» WORK TASK
Pictures aside, copy every record word for word.

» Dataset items
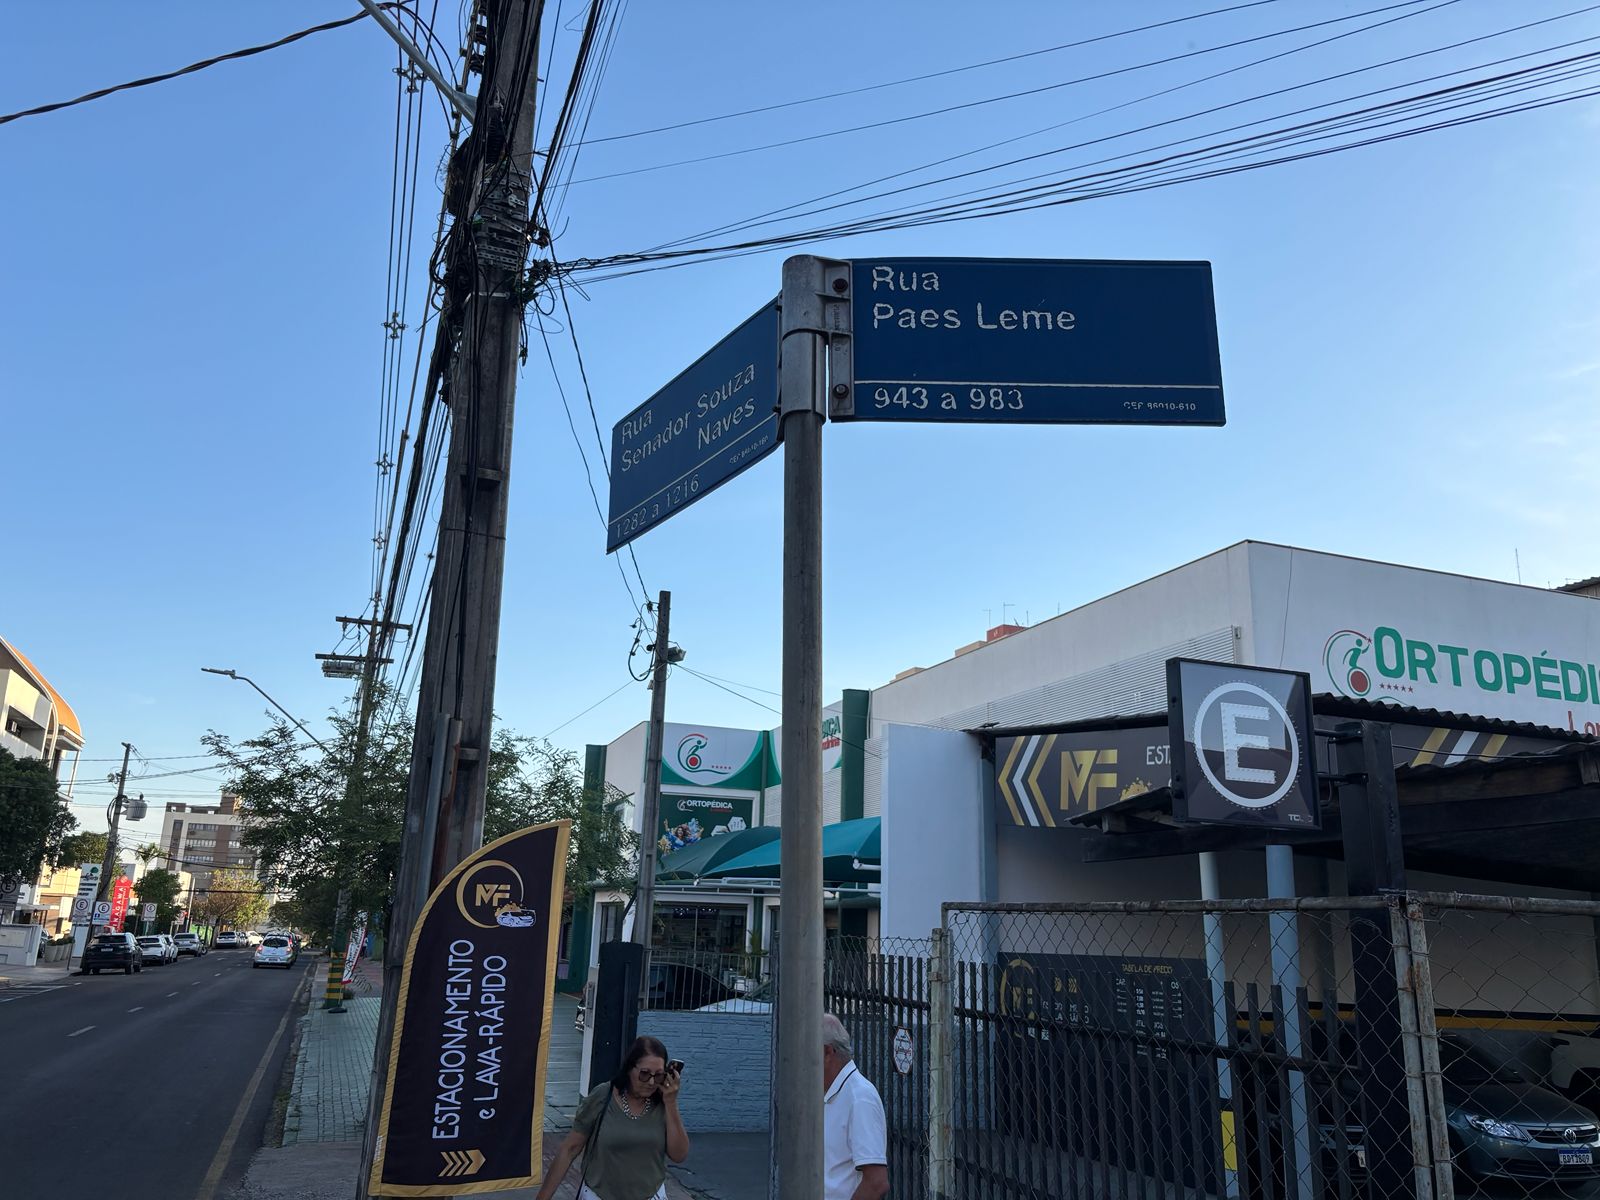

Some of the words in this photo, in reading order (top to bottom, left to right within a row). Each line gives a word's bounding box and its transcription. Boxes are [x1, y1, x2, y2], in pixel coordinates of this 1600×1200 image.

[872, 266, 940, 291] Rua
[873, 303, 961, 329] Paes
[977, 302, 1075, 330] Leme
[621, 411, 692, 472] Senador
[697, 363, 755, 418] Souza
[698, 398, 755, 450] Naves
[874, 387, 929, 409] 943
[941, 392, 957, 409] a
[969, 387, 1024, 410] 983
[621, 409, 652, 445] Rua
[617, 507, 647, 538] 1282
[651, 503, 659, 518] a
[666, 473, 699, 508] 1216
[1373, 626, 1600, 705] ORTOPÉDI
[1146, 745, 1171, 765] EST
[1220, 702, 1277, 785] E
[686, 799, 733, 809] ORTOPÉDICA
[1060, 749, 1118, 811] MF
[475, 884, 511, 906] MF
[431, 939, 475, 1141] ESTACIONAMENTO
[473, 955, 507, 1101] LAVA-RÁPIDO
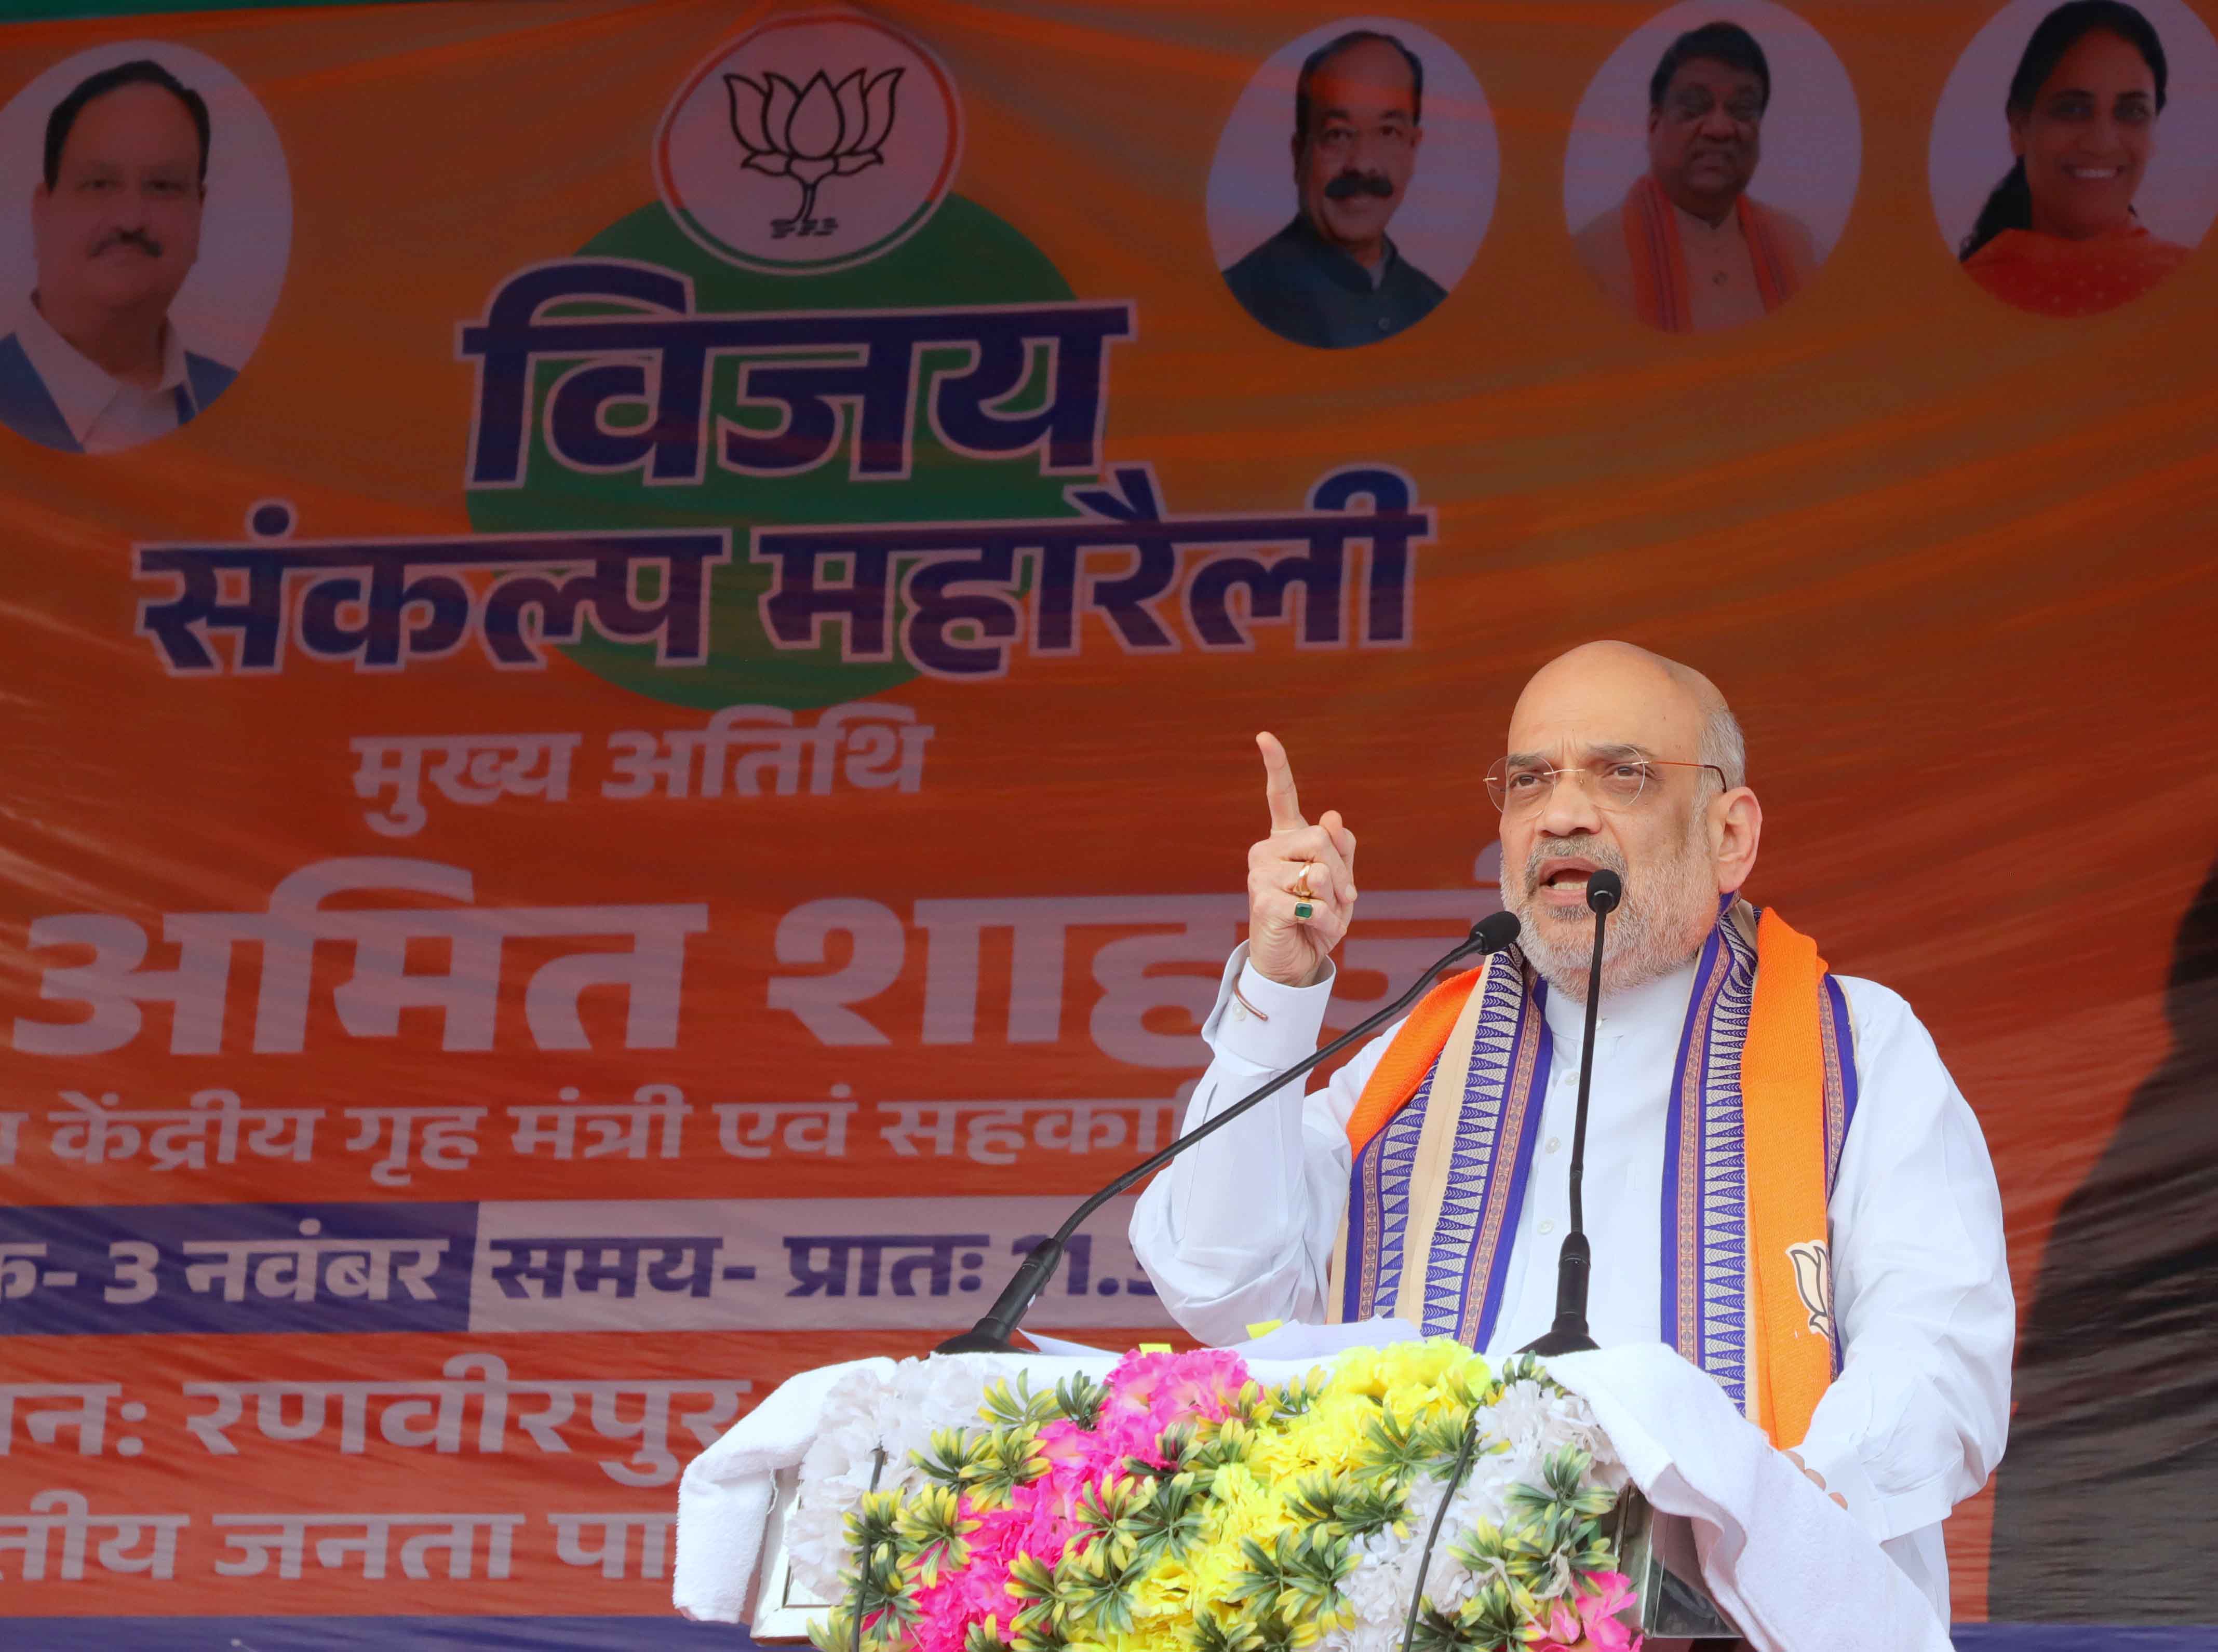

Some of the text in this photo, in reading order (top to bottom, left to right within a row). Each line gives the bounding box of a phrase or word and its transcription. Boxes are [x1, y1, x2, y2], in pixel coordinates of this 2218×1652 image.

[454, 255, 1138, 490] विजय
[131, 461, 1437, 683] संकल्प महारैली
[349, 702, 934, 837] मुख्य अतिथि
[10, 856, 709, 1055] अमित
[766, 892, 1253, 1067] शाह
[47, 1089, 325, 1172] केंद्रीय
[343, 1106, 488, 1186] गृह
[506, 1084, 692, 1161] मंत्री
[711, 1082, 858, 1159] एवं
[104, 1241, 160, 1304] 3
[183, 1218, 450, 1302] नवंबर
[490, 1236, 756, 1298] समय-
[783, 1234, 990, 1298] प्रातः
[183, 1352, 752, 1487] रणवीरपुर
[213, 1513, 525, 1580] जनता
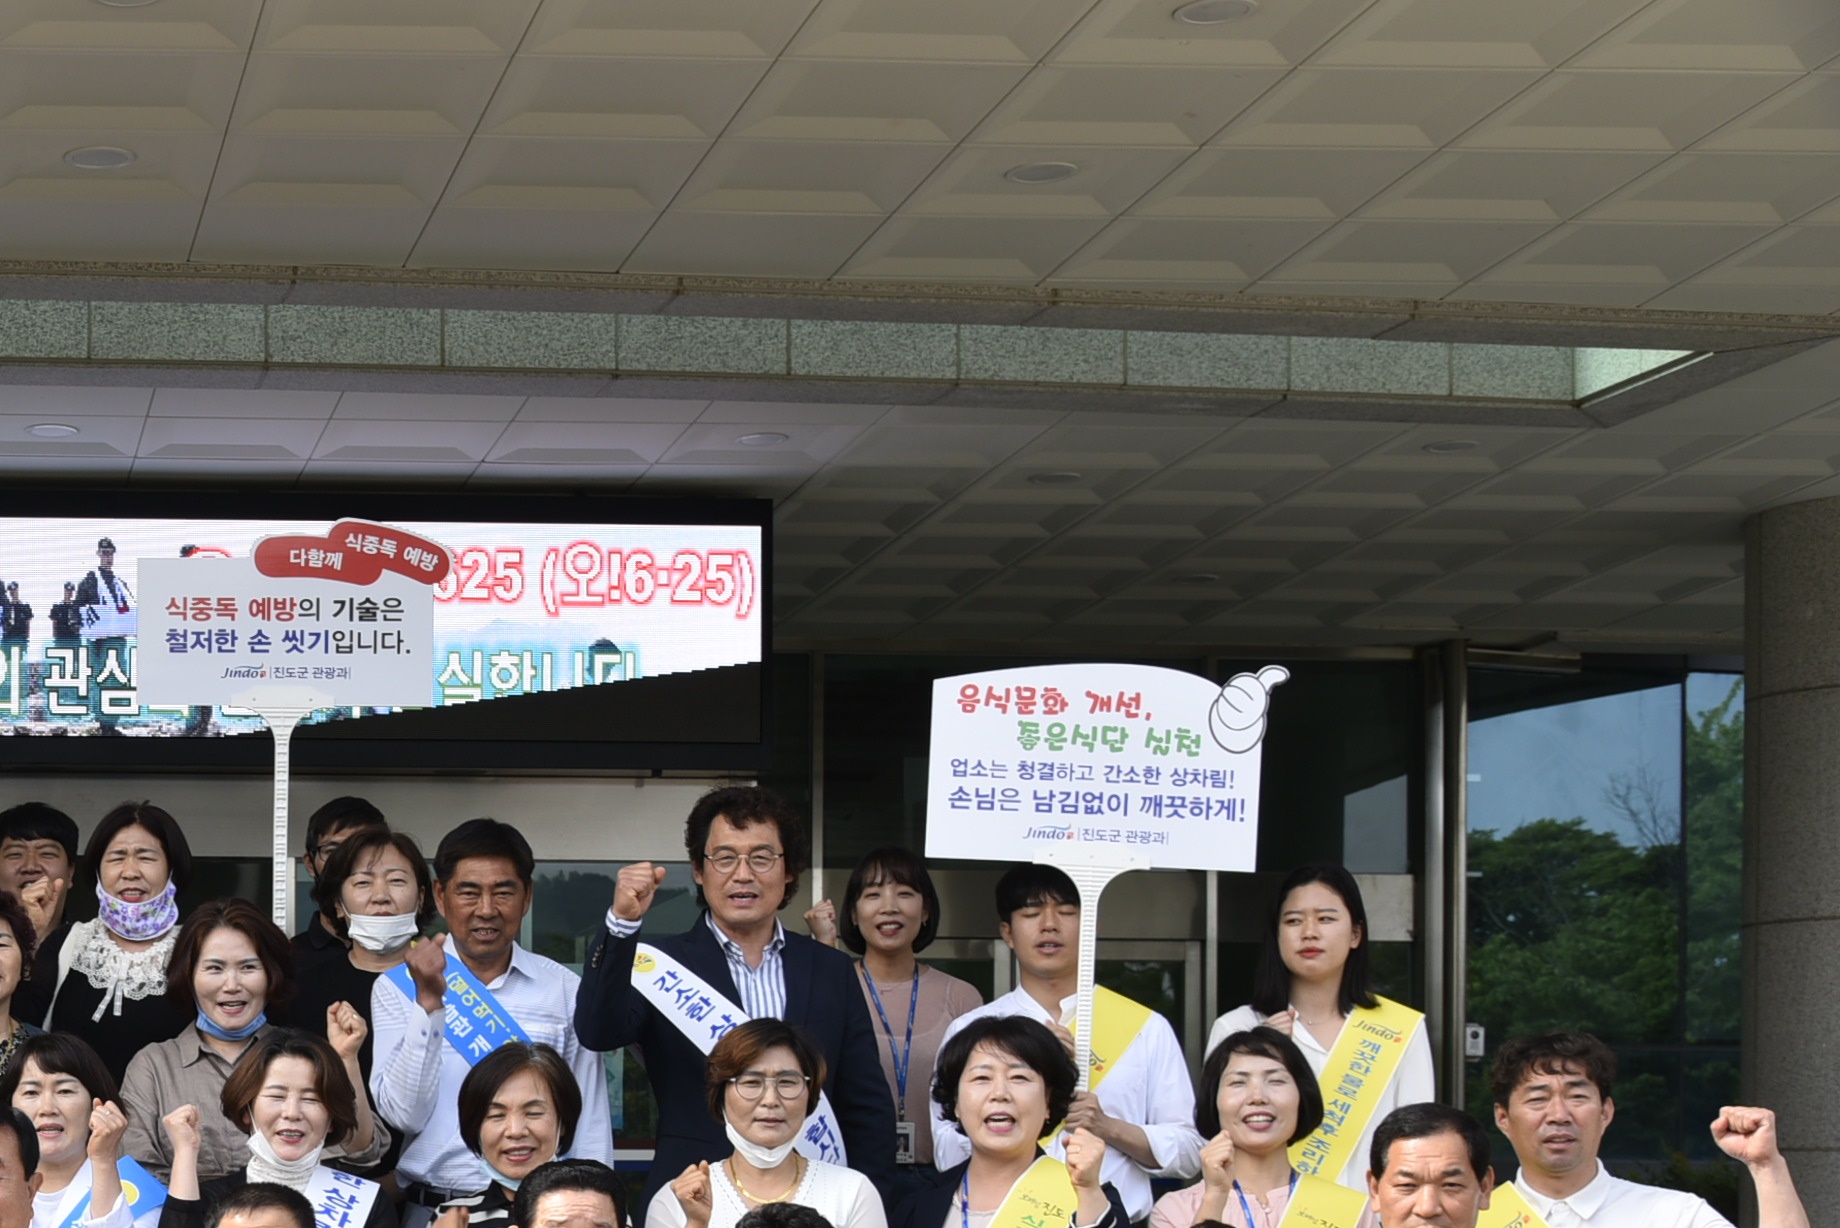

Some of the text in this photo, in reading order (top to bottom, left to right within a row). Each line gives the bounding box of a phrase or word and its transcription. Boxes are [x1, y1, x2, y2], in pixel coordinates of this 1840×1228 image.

[289, 549, 343, 571] 다함께
[344, 532, 439, 571] 식중독 예방
[165, 597, 405, 622] 식중독 예방의 기술은
[165, 629, 411, 655] 철저한 손 씻기입니다.
[273, 667, 308, 680] 진도군
[312, 667, 349, 680] 관광과
[957, 684, 1152, 721] 음식문화 개선,
[1017, 721, 1202, 757] 좋은식단 실천
[950, 758, 1235, 790] 업소는 청결하고 간소한 상차림!
[948, 786, 1246, 823] 손님은 남김없이 깨끗하게!
[1081, 828, 1122, 843] 진도군
[1125, 830, 1166, 846] 관광과
[653, 970, 716, 1023] 간소한
[1349, 1038, 1382, 1077] 깨끗한
[1337, 1073, 1365, 1102] 물로

» SOLUTION
Some of the words in this photo, in reading order (top to bottom, left to right within a row). Each line gives a word's bounding box and its transcription. Boxes are [x1, y1, x2, y2], in pixel coordinates of this 1600×1200 image.

[872, 266, 940, 291] Rua
[873, 303, 961, 329] Paes
[977, 302, 1075, 330] Leme
[621, 411, 692, 472] Senador
[697, 363, 755, 418] Souza
[698, 398, 755, 450] Naves
[874, 387, 929, 409] 943
[941, 392, 957, 409] a
[969, 387, 1024, 410] 983
[621, 409, 652, 445] Rua
[617, 507, 647, 538] 1282
[651, 503, 659, 518] a
[666, 473, 699, 508] 1216
[1373, 626, 1600, 705] ORTOPÉDI
[1146, 745, 1171, 765] EST
[1220, 702, 1277, 785] E
[686, 799, 733, 809] ORTOPÉDICA
[1060, 749, 1118, 811] MF
[475, 884, 511, 906] MF
[431, 939, 475, 1141] ESTACIONAMENTO
[473, 955, 507, 1101] LAVA-RÁPIDO

Some of the text in this photo, in reading order (top to bottom, left to right within a row). Each line gives the bounding box of a phrase or word and its transcription. Boxes are [x1, y1, x2, y2], in pixel coordinates of this 2218×1652 image.

[454, 255, 1138, 490] विजय
[131, 461, 1437, 683] संकल्प महारैली
[349, 702, 934, 837] मुख्य अतिथि
[10, 856, 709, 1055] अमित
[766, 892, 1253, 1067] शाह
[47, 1089, 325, 1172] केंद्रीय
[343, 1106, 488, 1186] गृह
[506, 1084, 692, 1161] मंत्री
[711, 1082, 858, 1159] एवं
[104, 1241, 160, 1304] 3
[183, 1218, 450, 1302] नवंबर
[490, 1236, 756, 1298] समय-
[783, 1234, 990, 1298] प्रातः
[183, 1352, 752, 1487] रणवीरपुर
[213, 1513, 525, 1580] जनता

Some of the text in this photo, in reading order (top to bottom, left to right within a row). Each line gives the bounding box of a phrase or word and its transcription. Boxes are [x1, y1, x2, y2], in pixel coordinates of this 1840×1228 image.

[289, 549, 343, 571] 다함께
[344, 532, 439, 571] 식중독 예방
[165, 597, 405, 622] 식중독 예방의 기술은
[165, 629, 411, 655] 철저한 손 씻기입니다.
[273, 667, 308, 680] 진도군
[312, 667, 349, 680] 관광과
[957, 684, 1152, 721] 음식문화 개선,
[1017, 721, 1202, 757] 좋은식단 실천
[950, 758, 1235, 790] 업소는 청결하고 간소한 상차림!
[948, 786, 1246, 823] 손님은 남김없이 깨끗하게!
[1081, 828, 1122, 843] 진도군
[1125, 830, 1166, 846] 관광과
[653, 970, 716, 1023] 간소한
[1349, 1038, 1382, 1077] 깨끗한
[1337, 1073, 1365, 1102] 물로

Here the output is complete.